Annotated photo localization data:
◆ ◆ ◆ ◆ ◆ ◆ ◆
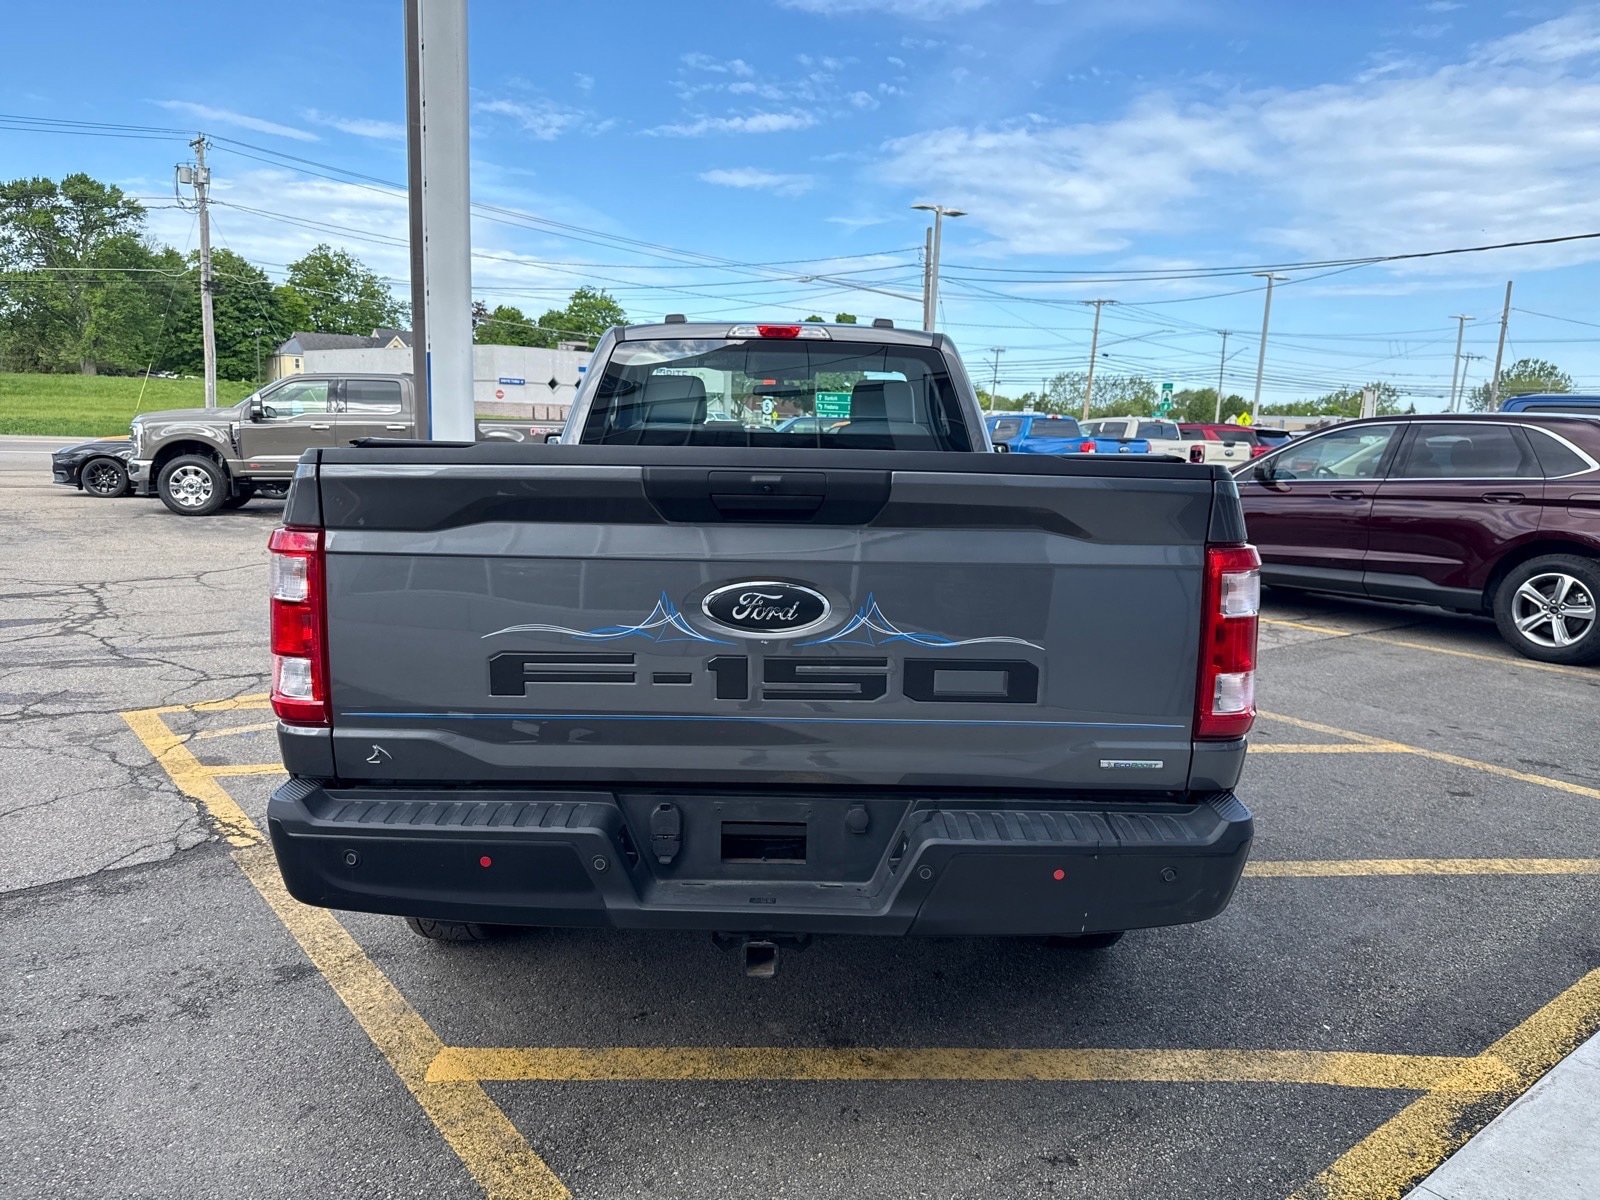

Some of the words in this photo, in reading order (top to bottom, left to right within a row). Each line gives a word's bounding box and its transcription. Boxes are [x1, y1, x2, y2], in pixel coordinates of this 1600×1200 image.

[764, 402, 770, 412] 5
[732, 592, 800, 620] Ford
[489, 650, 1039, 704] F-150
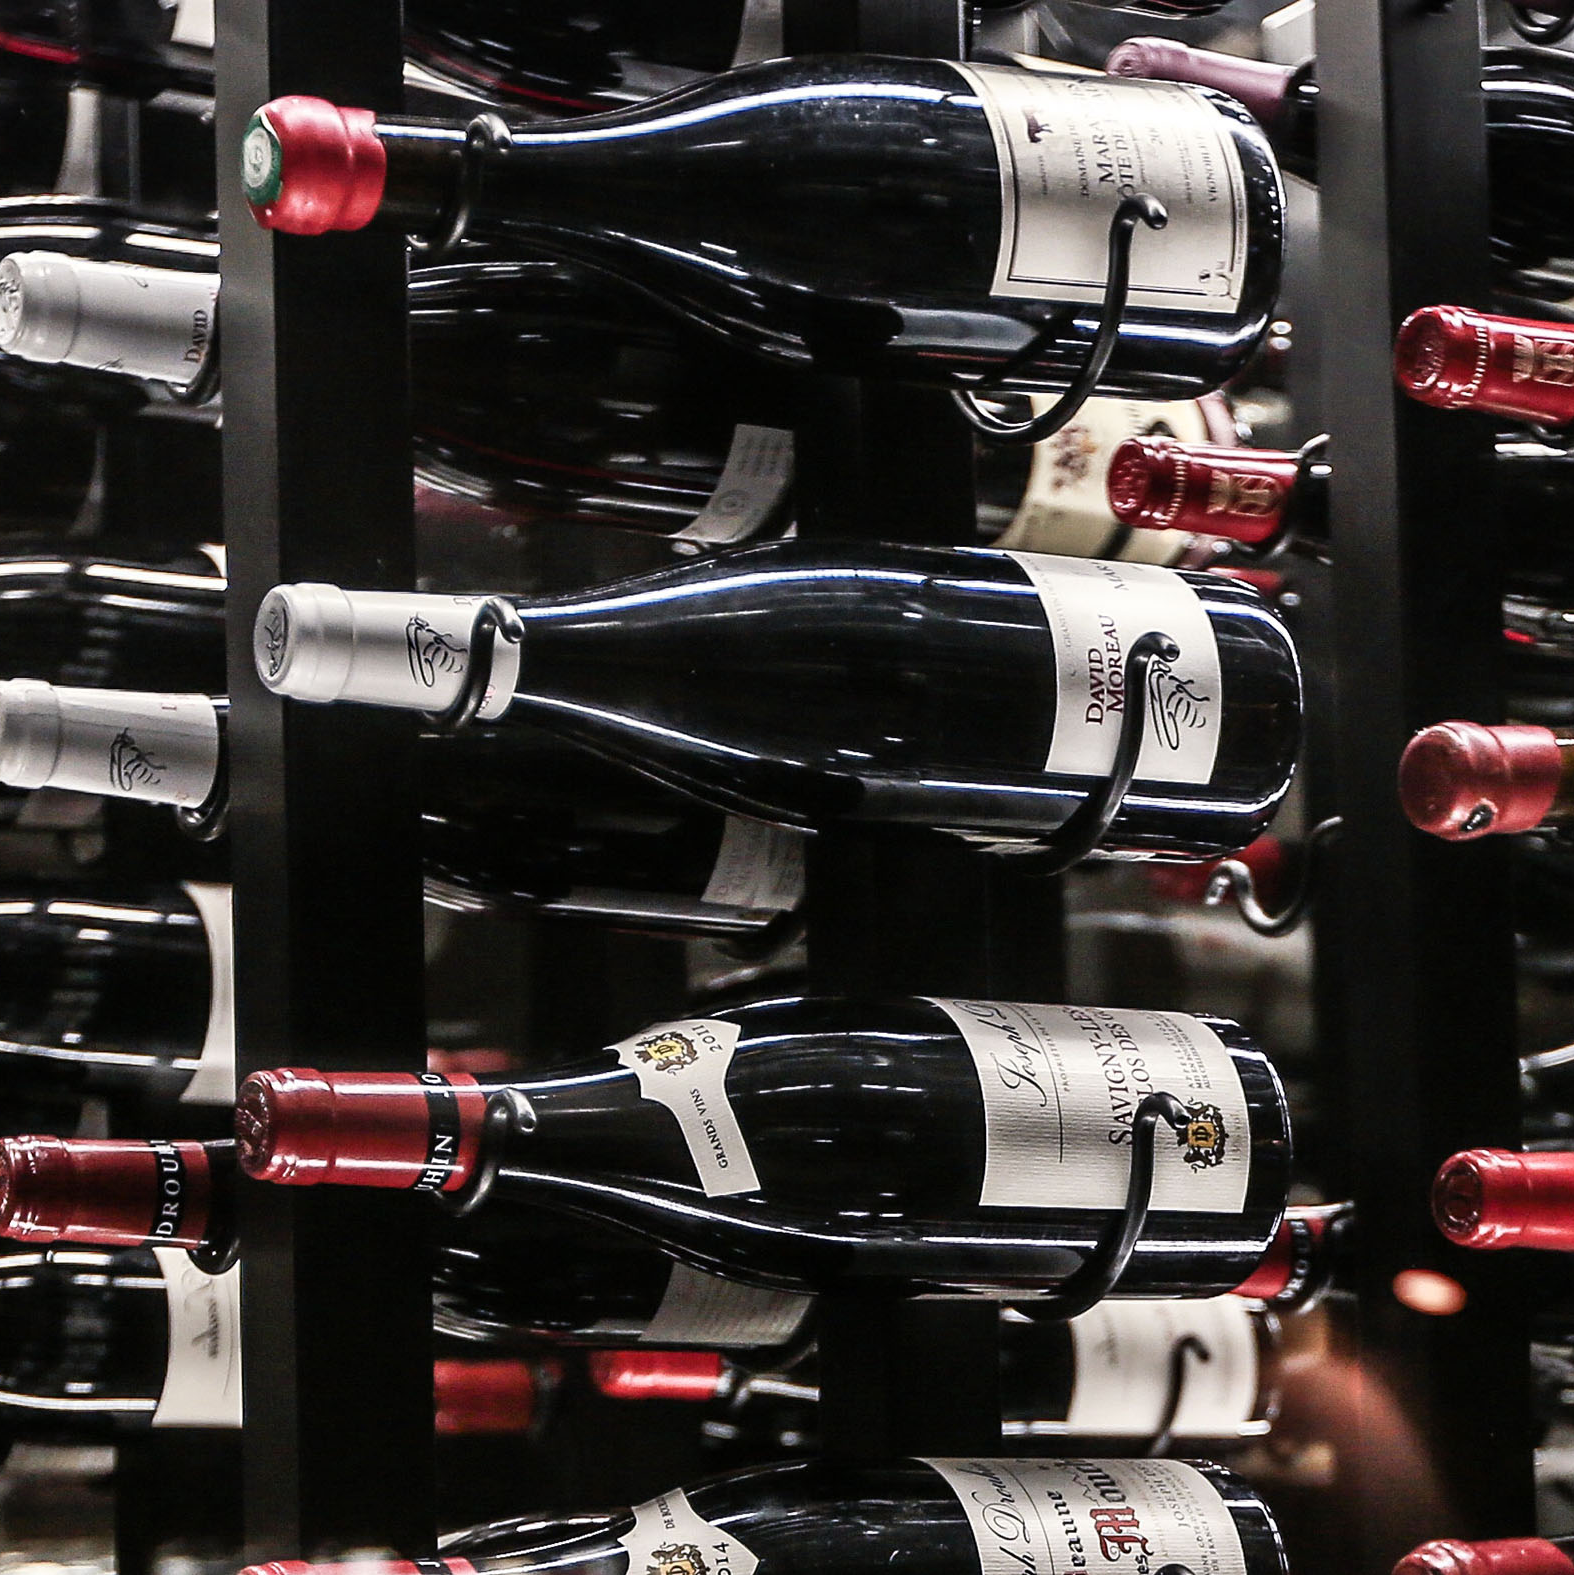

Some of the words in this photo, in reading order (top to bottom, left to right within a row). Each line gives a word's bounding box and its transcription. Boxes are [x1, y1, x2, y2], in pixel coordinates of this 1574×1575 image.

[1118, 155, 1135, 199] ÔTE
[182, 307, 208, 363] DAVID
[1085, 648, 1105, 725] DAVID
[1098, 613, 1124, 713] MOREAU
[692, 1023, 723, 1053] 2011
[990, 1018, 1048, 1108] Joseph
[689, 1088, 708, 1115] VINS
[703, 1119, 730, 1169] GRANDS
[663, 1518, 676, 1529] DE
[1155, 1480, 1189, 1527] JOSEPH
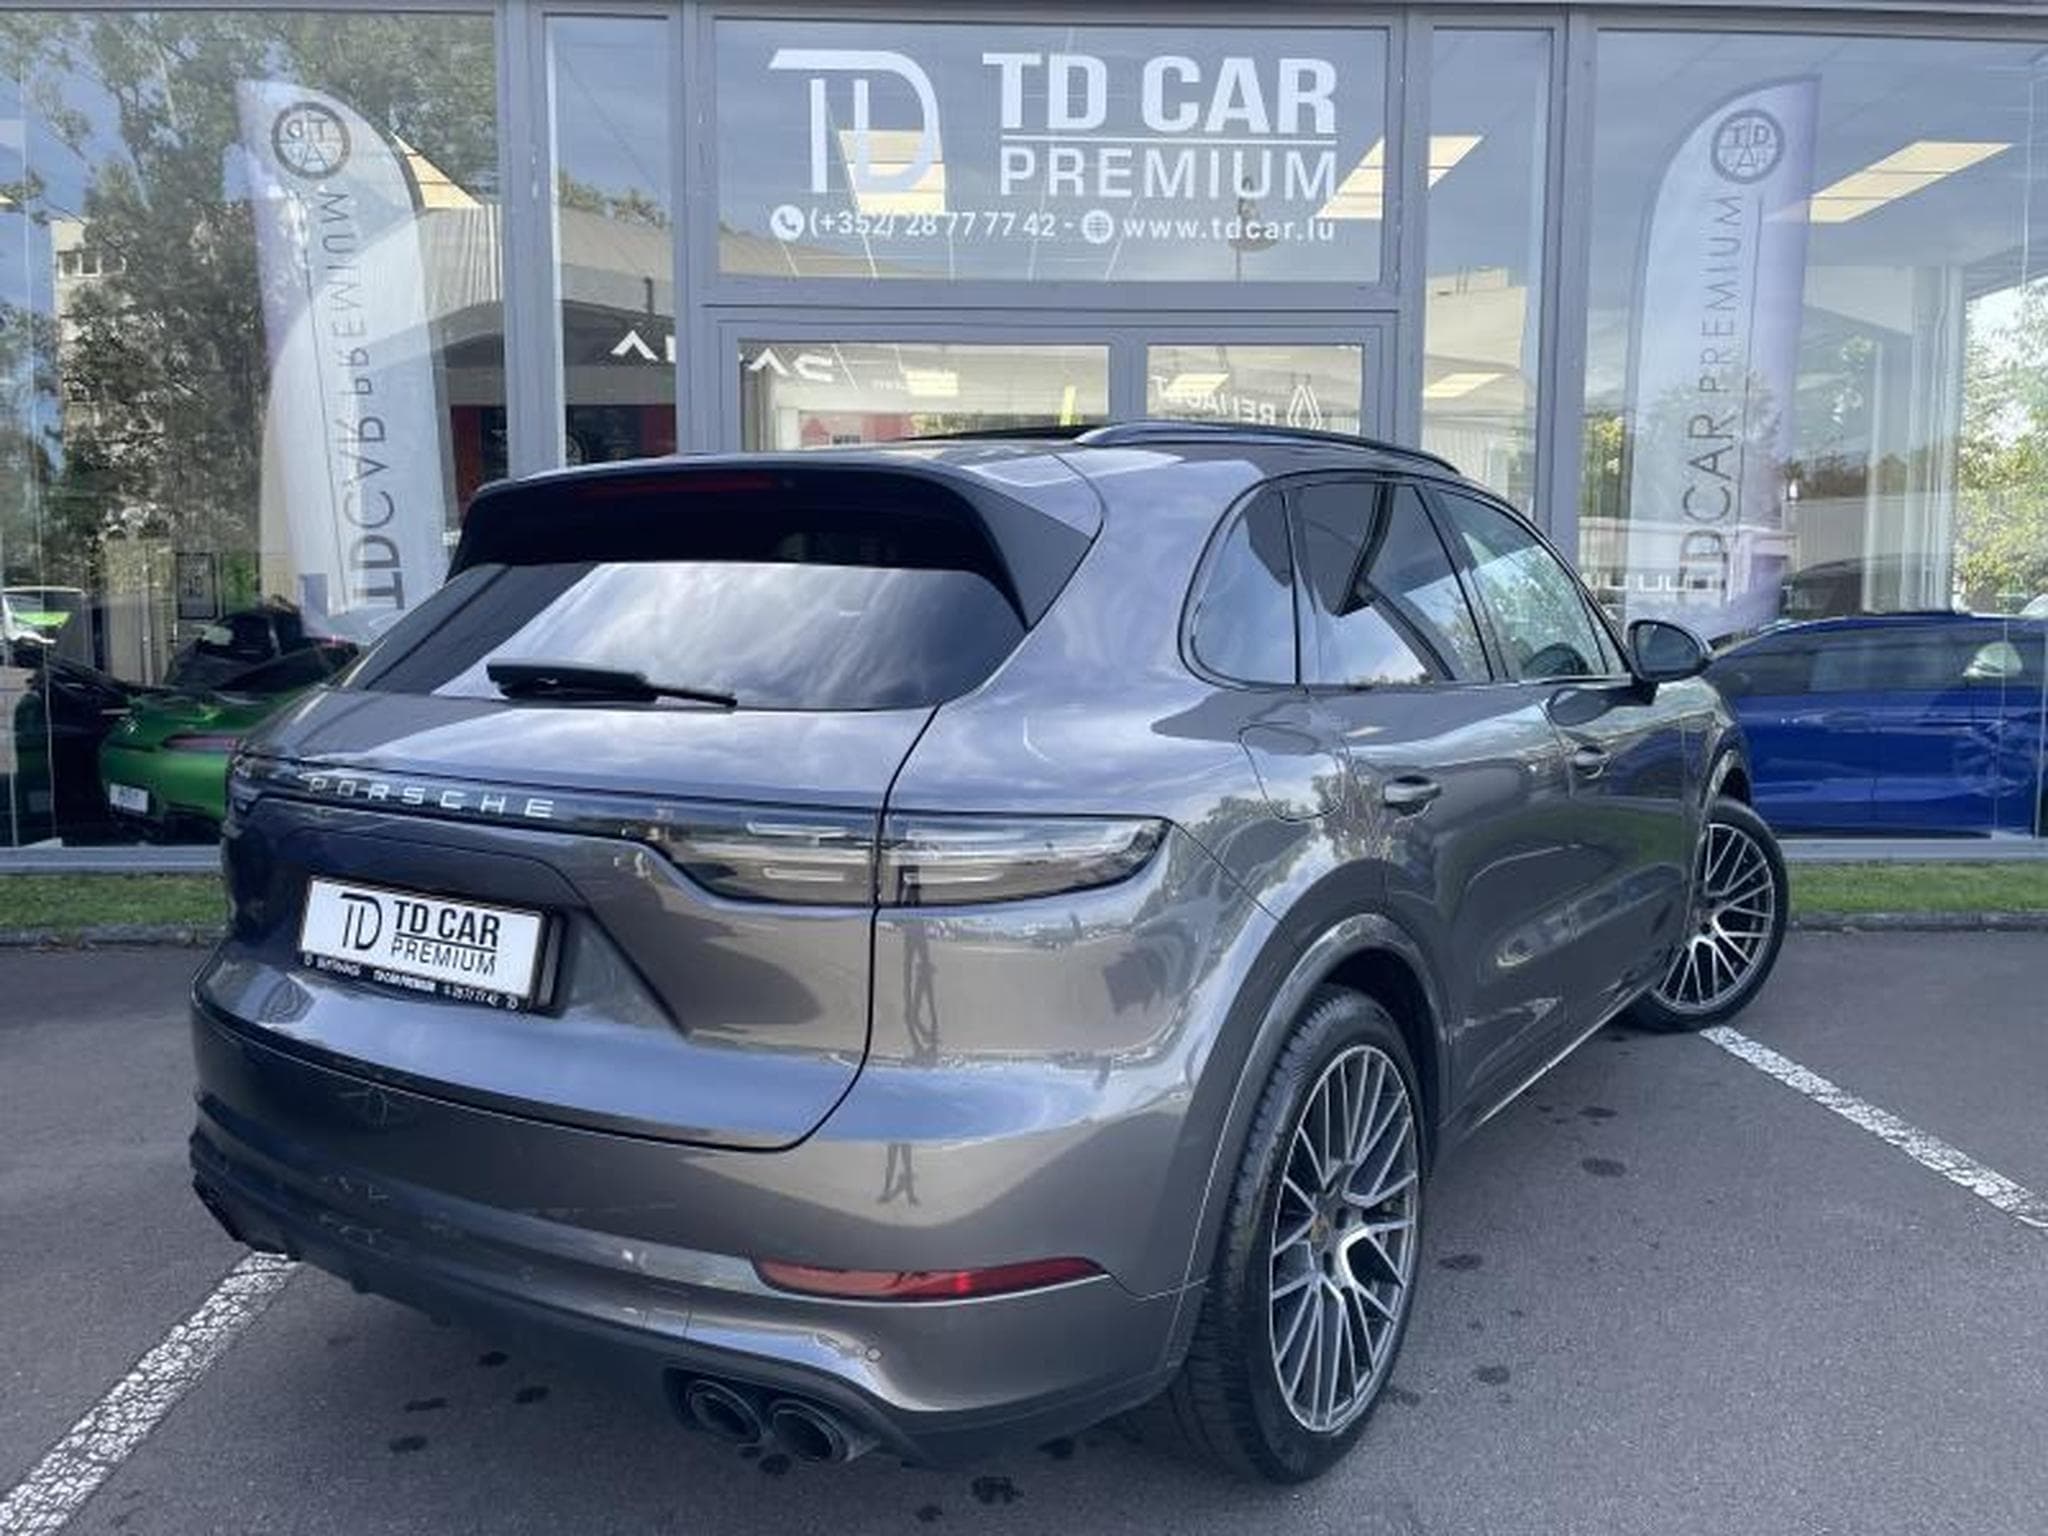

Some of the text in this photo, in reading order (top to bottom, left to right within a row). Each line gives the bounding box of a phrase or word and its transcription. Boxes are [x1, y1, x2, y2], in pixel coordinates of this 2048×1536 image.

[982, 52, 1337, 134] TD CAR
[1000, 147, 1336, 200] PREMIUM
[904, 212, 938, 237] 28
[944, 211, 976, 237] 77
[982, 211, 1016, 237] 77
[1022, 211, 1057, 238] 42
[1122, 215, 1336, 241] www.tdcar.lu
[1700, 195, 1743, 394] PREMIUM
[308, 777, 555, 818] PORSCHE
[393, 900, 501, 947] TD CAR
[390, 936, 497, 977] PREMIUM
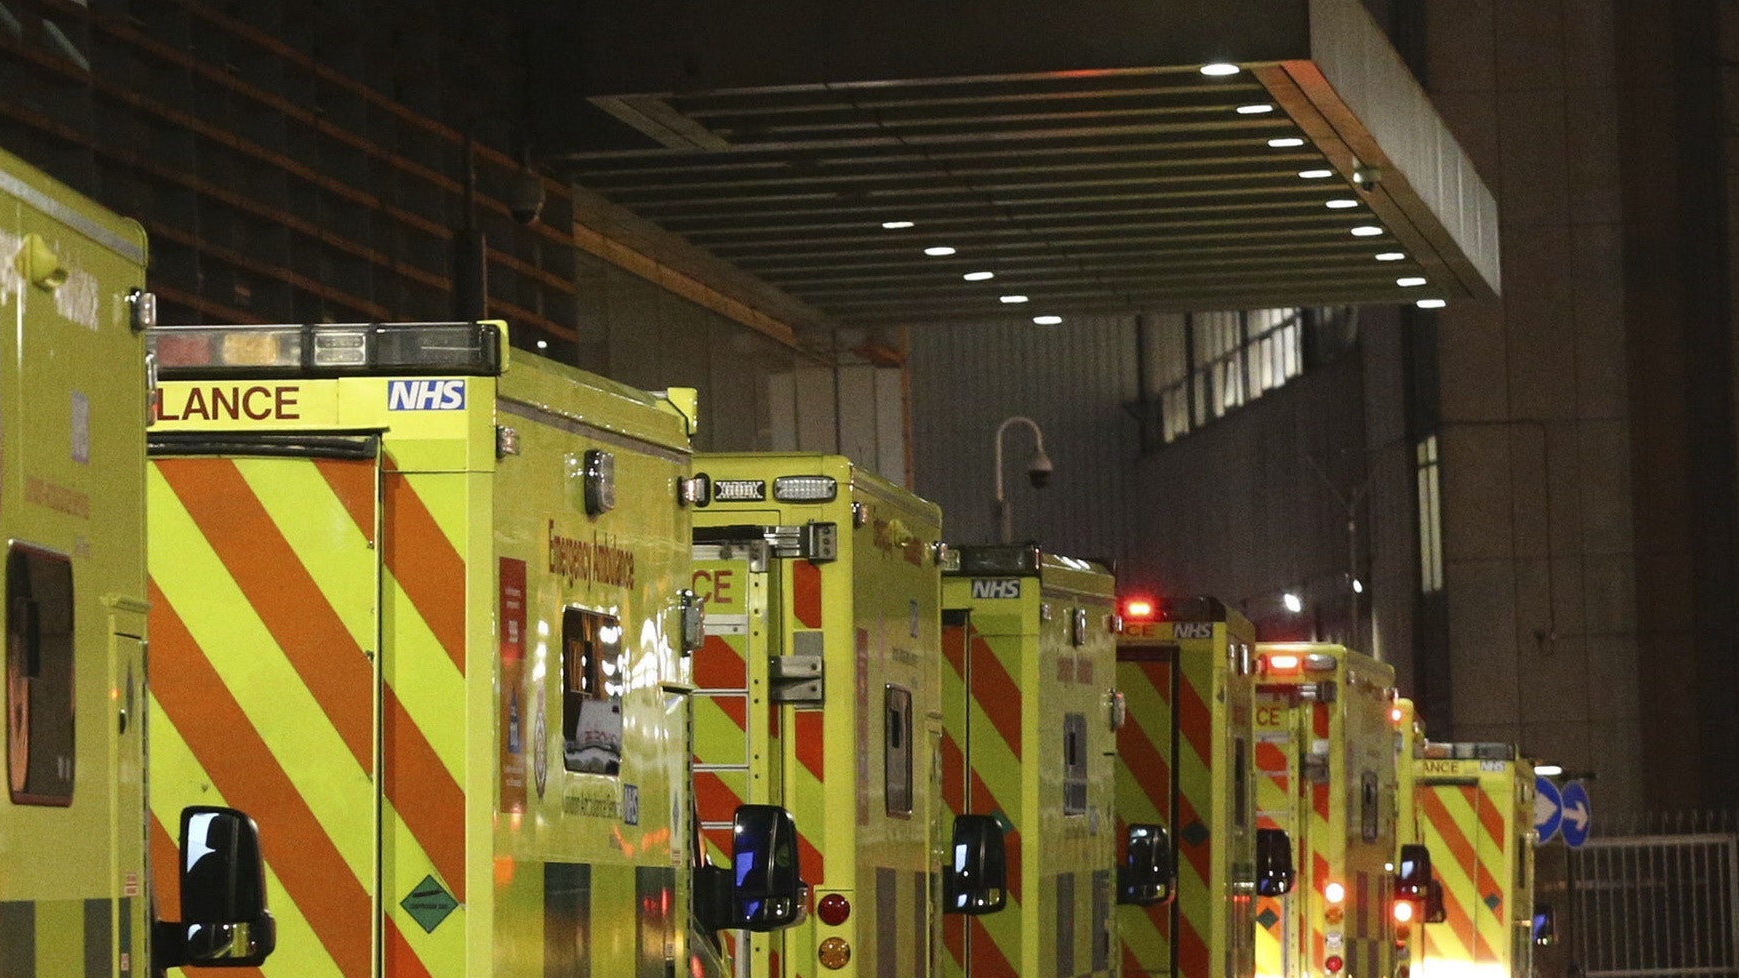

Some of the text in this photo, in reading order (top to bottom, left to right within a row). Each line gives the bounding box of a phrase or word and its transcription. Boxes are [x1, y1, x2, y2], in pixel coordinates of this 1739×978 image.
◆ ◆ ◆ ◆ ◆ ◆ ◆
Word for word, print all of the data; skip the pictures.

Some of the words in this photo, in reading order (top to bottom, left to right within a row). Each line gives a word's bounding box and its transcription. Boxes are [x1, y1, x2, y2], in pixel coordinates of this 1600×1200 image.

[764, 402, 770, 412] 5
[732, 592, 800, 620] Ford
[489, 650, 1039, 704] F-150

Some of the words in this photo, in reading order (top to bottom, left to right within a row). Each line gives a word's bounding box and its transcription. Boxes are [x1, y1, x2, y2], in pixel coordinates of this 1574×1575 image.

[1118, 155, 1135, 199] ÔTE
[182, 307, 208, 363] DAVID
[1085, 648, 1105, 725] DAVID
[1098, 613, 1124, 713] MOREAU
[692, 1023, 723, 1053] 2011
[990, 1018, 1048, 1108] Joseph
[689, 1088, 708, 1115] VINS
[703, 1119, 730, 1169] GRANDS
[663, 1518, 676, 1529] DE
[1155, 1480, 1189, 1527] JOSEPH

Some of the text in this photo, in reading order (top to bottom, left to right within a row). Each line gives the bounding box of a phrase or word and its transcription. Boxes are [x1, y1, x2, y2], in pixel coordinates of this 2048×1536 image.

[982, 52, 1337, 134] TD CAR
[1000, 147, 1336, 200] PREMIUM
[904, 212, 938, 237] 28
[944, 211, 976, 237] 77
[982, 211, 1016, 237] 77
[1022, 211, 1057, 238] 42
[1122, 215, 1336, 241] www.tdcar.lu
[1700, 195, 1743, 394] PREMIUM
[308, 777, 555, 818] PORSCHE
[393, 900, 501, 947] TD CAR
[390, 936, 497, 977] PREMIUM

Some of the text in this photo, in reading order (top to bottom, left to right within a row). Each line gives the bounding box of a phrase or word and its transcription. Boxes are [x1, y1, x2, y2], in pixel coordinates of this 1739×978 image.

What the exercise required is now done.